** Required work **
Word for word, reproduce each line of the data below, omitting every image.

===============

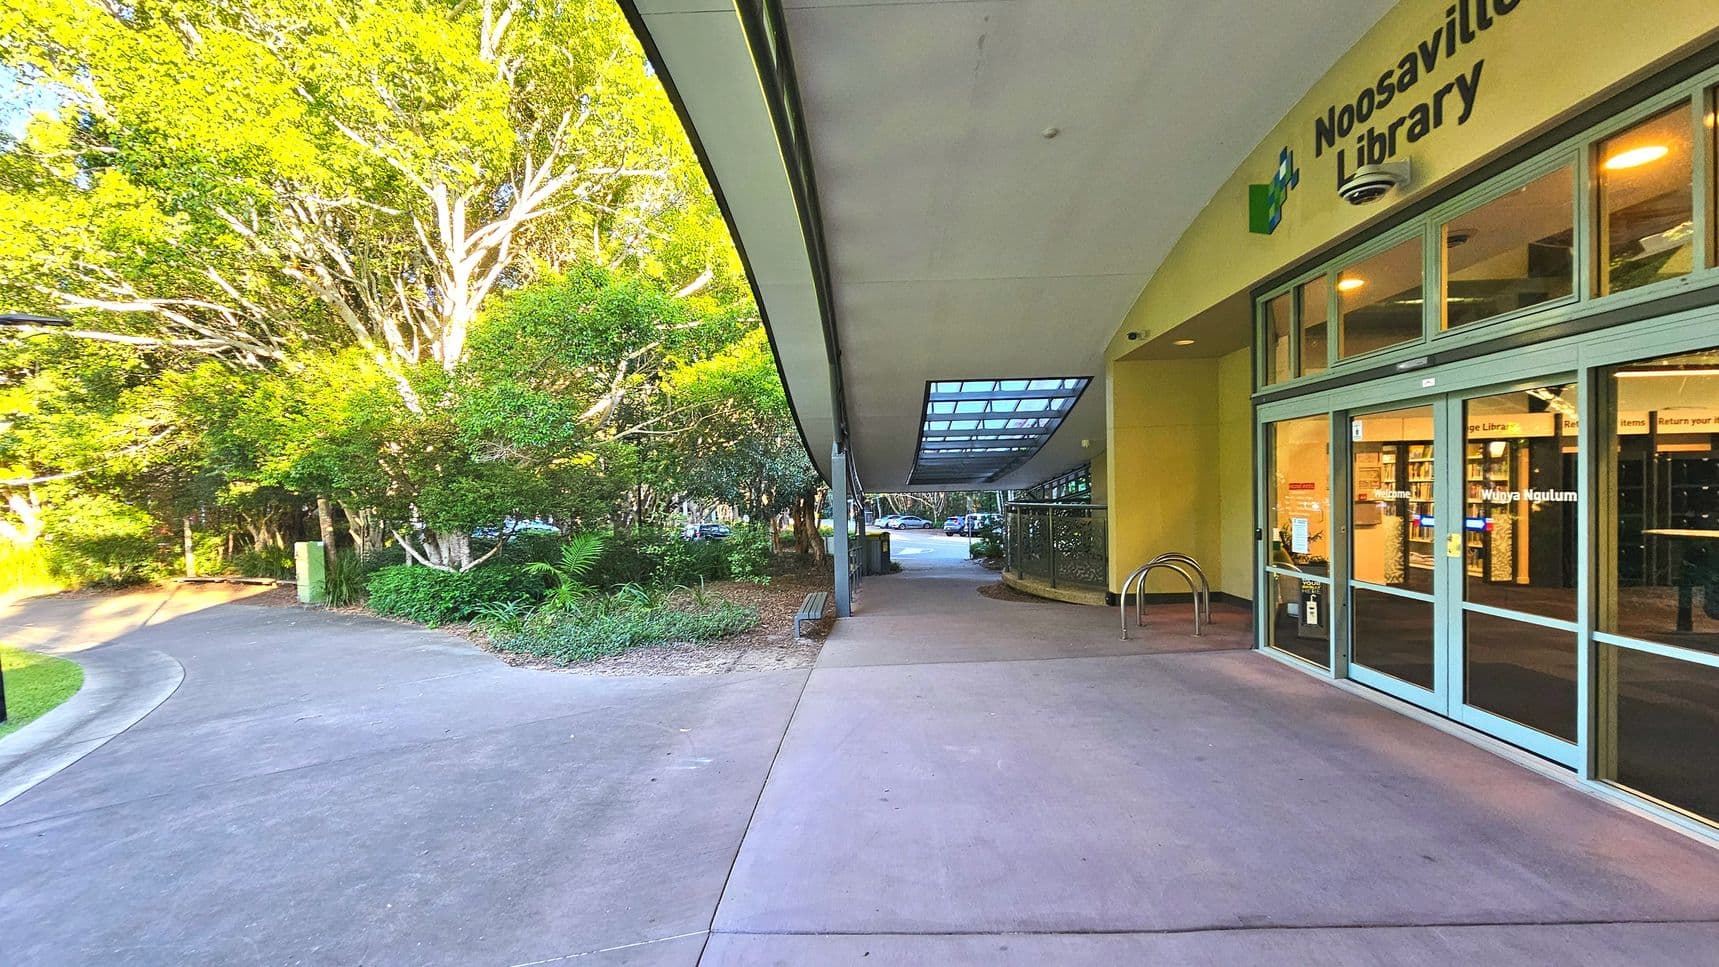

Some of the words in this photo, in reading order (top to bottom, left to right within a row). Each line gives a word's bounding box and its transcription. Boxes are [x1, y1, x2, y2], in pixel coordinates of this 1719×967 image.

[1337, 59, 1485, 191] Library
[1620, 418, 1646, 427] items
[1658, 417, 1689, 425] Return
[1691, 417, 1712, 426] your
[1374, 489, 1412, 499] Welcome
[1523, 488, 1578, 503] Ngulum
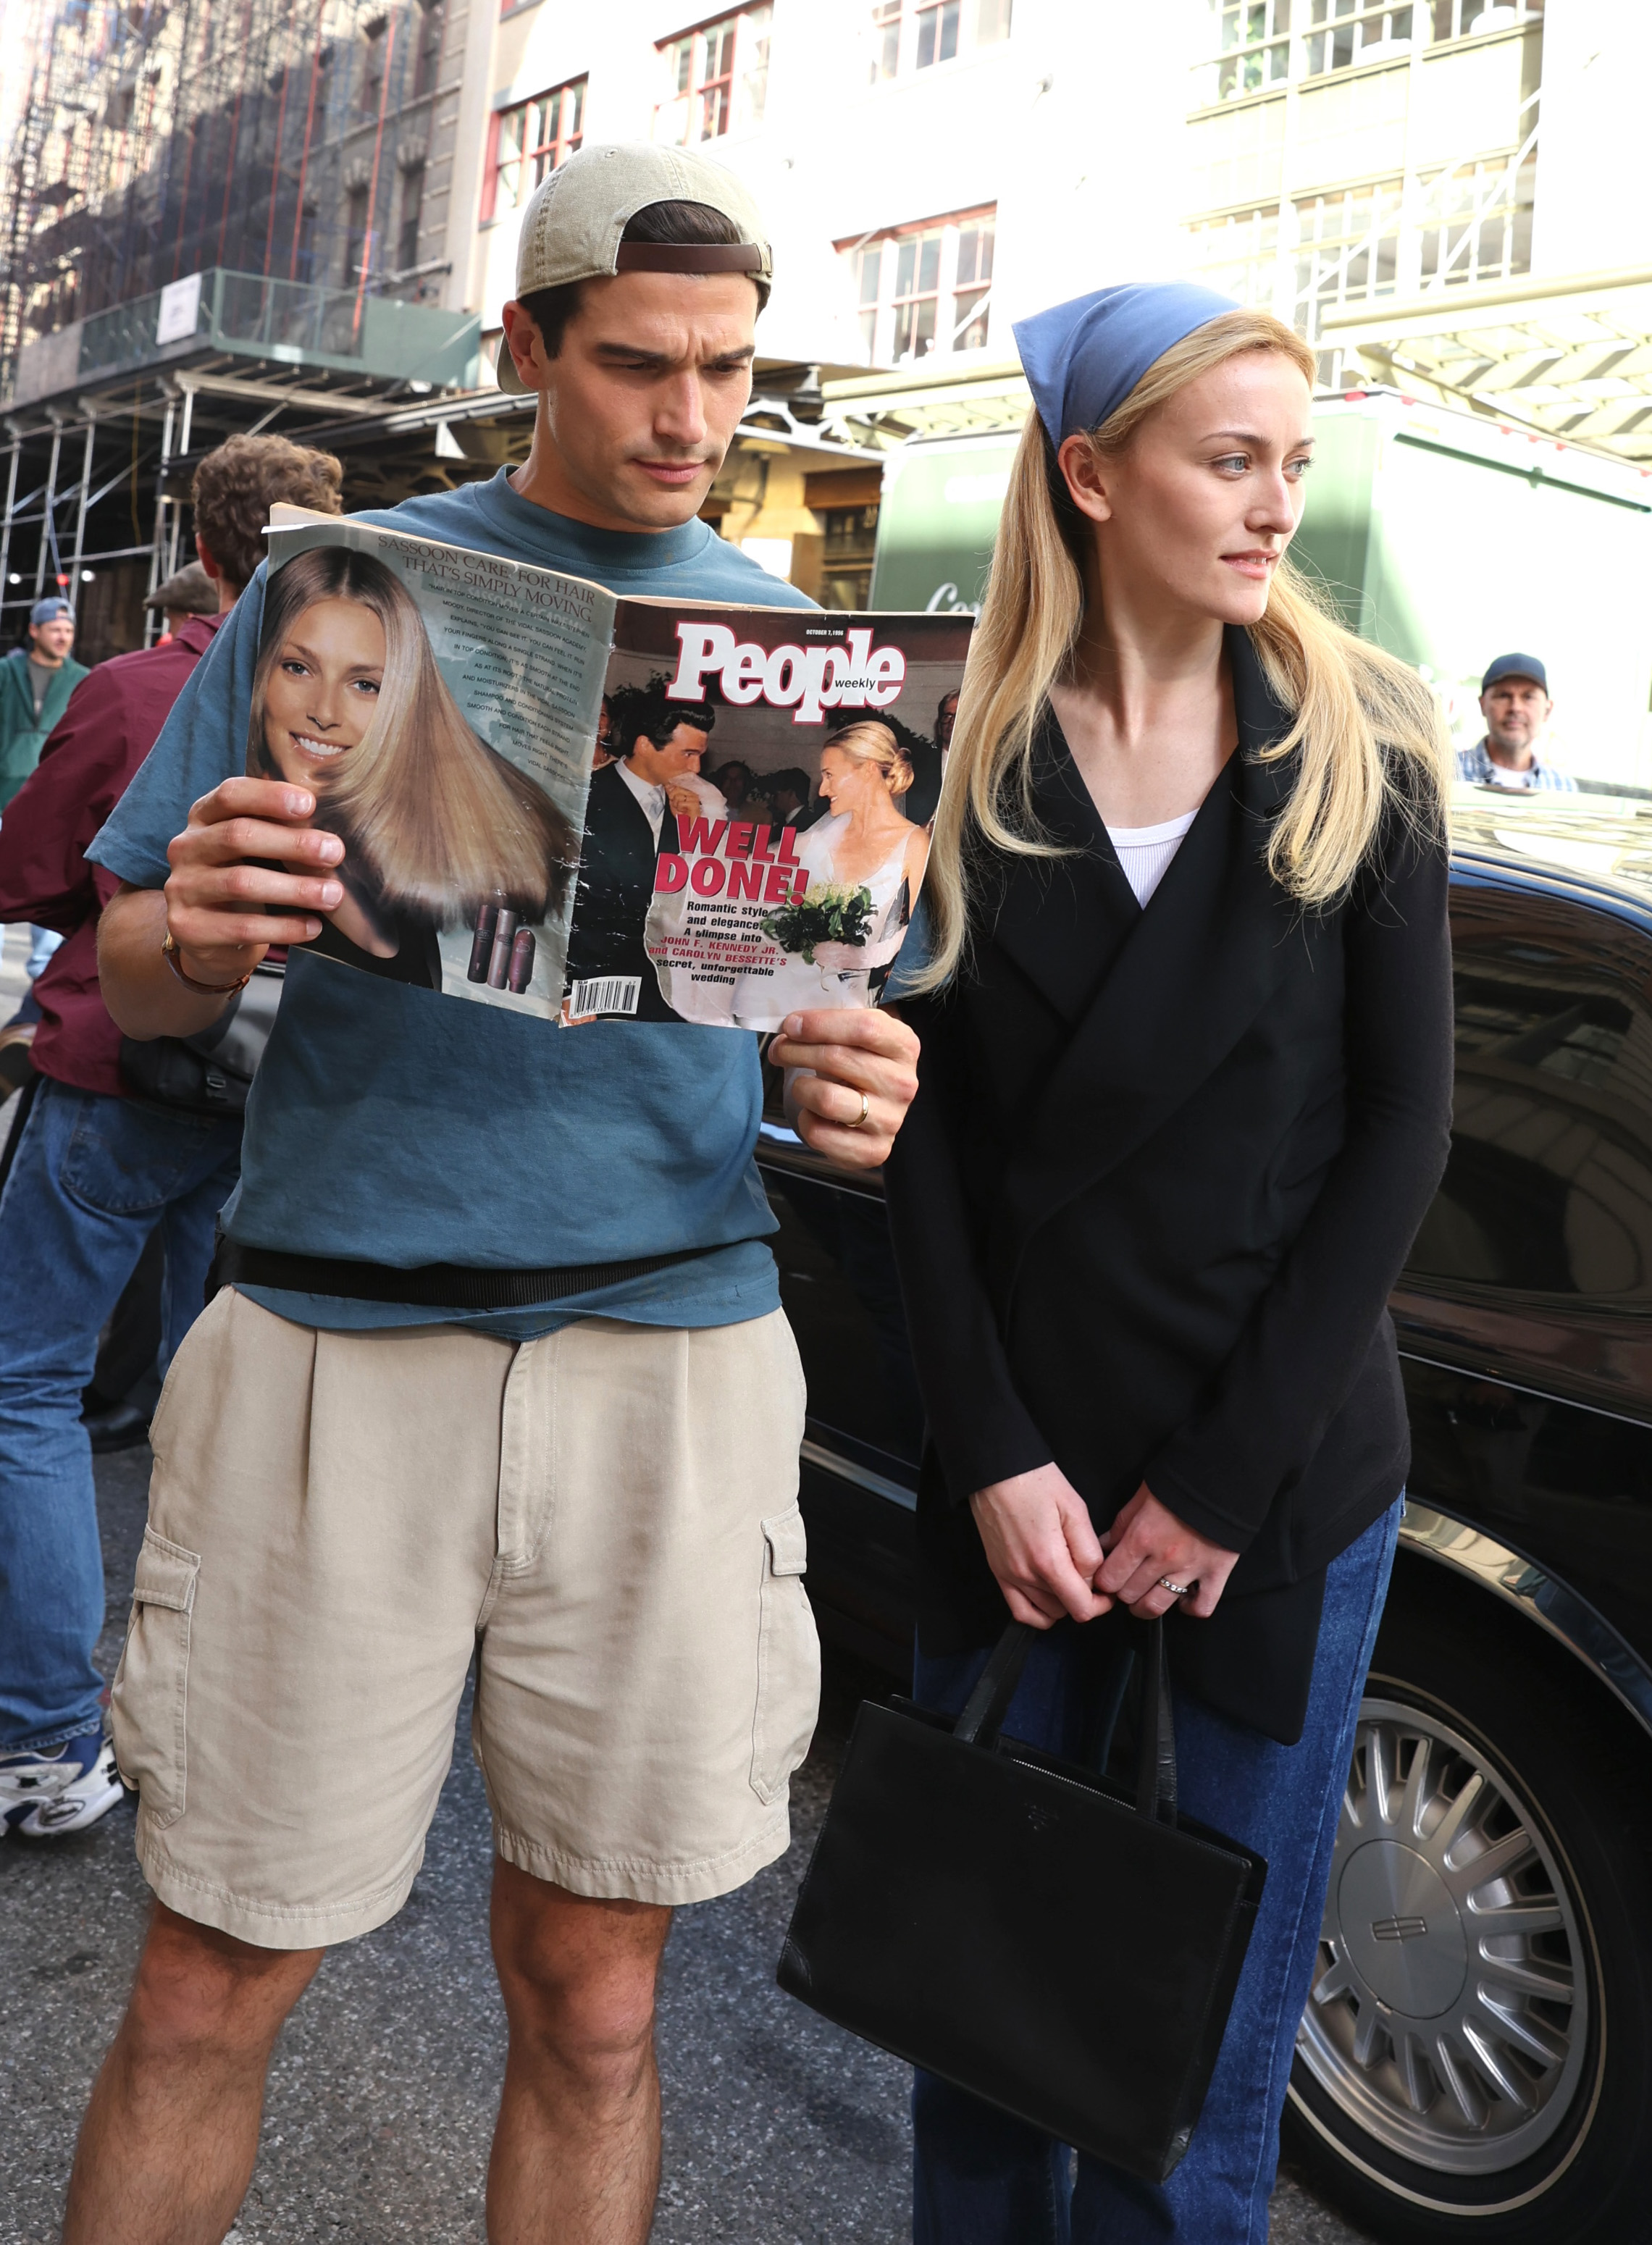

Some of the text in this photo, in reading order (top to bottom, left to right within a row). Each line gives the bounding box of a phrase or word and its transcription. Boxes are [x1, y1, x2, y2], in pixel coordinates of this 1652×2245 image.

[378, 536, 595, 605] SASSOON CARE FOR HAIR
[403, 556, 592, 623] THAT'S SIMPLY MOVING
[466, 594, 497, 607] CONDITION
[526, 610, 549, 622] CERTAIN
[566, 624, 590, 638] STEPHEN
[466, 607, 495, 618] DIRECTOR
[517, 621, 533, 631] VIDAL
[534, 627, 561, 640] SASSOON
[443, 626, 461, 636] YOUR
[462, 630, 487, 642] FINGERS
[488, 638, 507, 649] ALONG
[513, 646, 533, 658] SINGLE
[557, 663, 572, 674] WHEN
[450, 614, 479, 628] EXPLAINS,
[542, 643, 553, 652] CAN
[554, 647, 566, 658] FEEL
[574, 656, 585, 666] RUN
[523, 676, 533, 685] THE
[534, 681, 555, 695] NATURAL
[529, 665, 551, 678] SMOOTH
[559, 678, 569, 687] THE
[569, 683, 581, 692] END
[665, 621, 907, 726] People
[834, 678, 876, 690] weekly
[474, 689, 504, 701] SHAMPOO
[518, 701, 553, 721] CONDITIONING
[478, 676, 519, 692] MOISTURIZERS
[527, 691, 536, 700] THE
[537, 696, 550, 707] VIDAL
[552, 704, 575, 718] SASSOON
[466, 702, 492, 711] SMOOTH
[507, 712, 536, 726] CONDITION
[537, 723, 550, 732] EACH
[512, 726, 525, 734] HAIR
[526, 731, 539, 740] THAT
[540, 737, 555, 747] FEELS
[512, 740, 532, 750] MOVES
[527, 759, 542, 769] VIDAL
[676, 814, 800, 867] WELL
[653, 852, 810, 905] DONE!
[687, 901, 768, 918] Romantic style
[687, 917, 707, 926] and
[661, 936, 779, 955] JOHN F. KENNEDY JR.
[695, 929, 737, 941] glimpse
[741, 933, 762, 943] into
[649, 946, 787, 966] and CAROLYN BESSETTE'S
[656, 959, 774, 977] secret, unforgettable
[691, 973, 736, 985] wedding

===============

** Your solution **
Some of the words in this photo, in reading order (top to bottom, left to right within a row). Each line gives a word's bounding box and its transcription. Boxes are [x1, y1, x2, y2], in pixel coordinates of this 1719×967 image.

[1337, 59, 1485, 191] Library
[1620, 418, 1646, 427] items
[1658, 417, 1689, 425] Return
[1691, 417, 1712, 426] your
[1374, 489, 1412, 499] Welcome
[1523, 488, 1578, 503] Ngulum

Some of the text in this photo, in reading order (top to bottom, left to right within a row). Each line gives the bounding box of a phrase or word and its transcription. Boxes are [x1, y1, x2, y2], in pixel coordinates of this 1652×2245 image.

[378, 536, 595, 605] SASSOON CARE FOR HAIR
[403, 556, 592, 623] THAT'S SIMPLY MOVING
[466, 594, 497, 607] CONDITION
[526, 610, 549, 622] CERTAIN
[566, 624, 590, 638] STEPHEN
[466, 607, 495, 618] DIRECTOR
[517, 621, 533, 631] VIDAL
[534, 627, 561, 640] SASSOON
[443, 626, 461, 636] YOUR
[462, 630, 487, 642] FINGERS
[488, 638, 507, 649] ALONG
[513, 646, 533, 658] SINGLE
[557, 663, 572, 674] WHEN
[450, 614, 479, 628] EXPLAINS,
[542, 643, 553, 652] CAN
[554, 647, 566, 658] FEEL
[574, 656, 585, 666] RUN
[523, 676, 533, 685] THE
[534, 681, 555, 695] NATURAL
[529, 665, 551, 678] SMOOTH
[559, 678, 569, 687] THE
[569, 683, 581, 692] END
[665, 621, 907, 726] People
[834, 678, 876, 690] weekly
[474, 689, 504, 701] SHAMPOO
[518, 701, 553, 721] CONDITIONING
[478, 676, 519, 692] MOISTURIZERS
[527, 691, 536, 700] THE
[537, 696, 550, 707] VIDAL
[552, 704, 575, 718] SASSOON
[466, 702, 492, 711] SMOOTH
[507, 712, 536, 726] CONDITION
[537, 723, 550, 732] EACH
[512, 726, 525, 734] HAIR
[526, 731, 539, 740] THAT
[540, 737, 555, 747] FEELS
[512, 740, 532, 750] MOVES
[527, 759, 542, 769] VIDAL
[676, 814, 800, 867] WELL
[653, 852, 810, 905] DONE!
[687, 901, 768, 918] Romantic style
[687, 917, 707, 926] and
[661, 936, 779, 955] JOHN F. KENNEDY JR.
[695, 929, 737, 941] glimpse
[741, 933, 762, 943] into
[649, 946, 787, 966] and CAROLYN BESSETTE'S
[656, 959, 774, 977] secret, unforgettable
[691, 973, 736, 985] wedding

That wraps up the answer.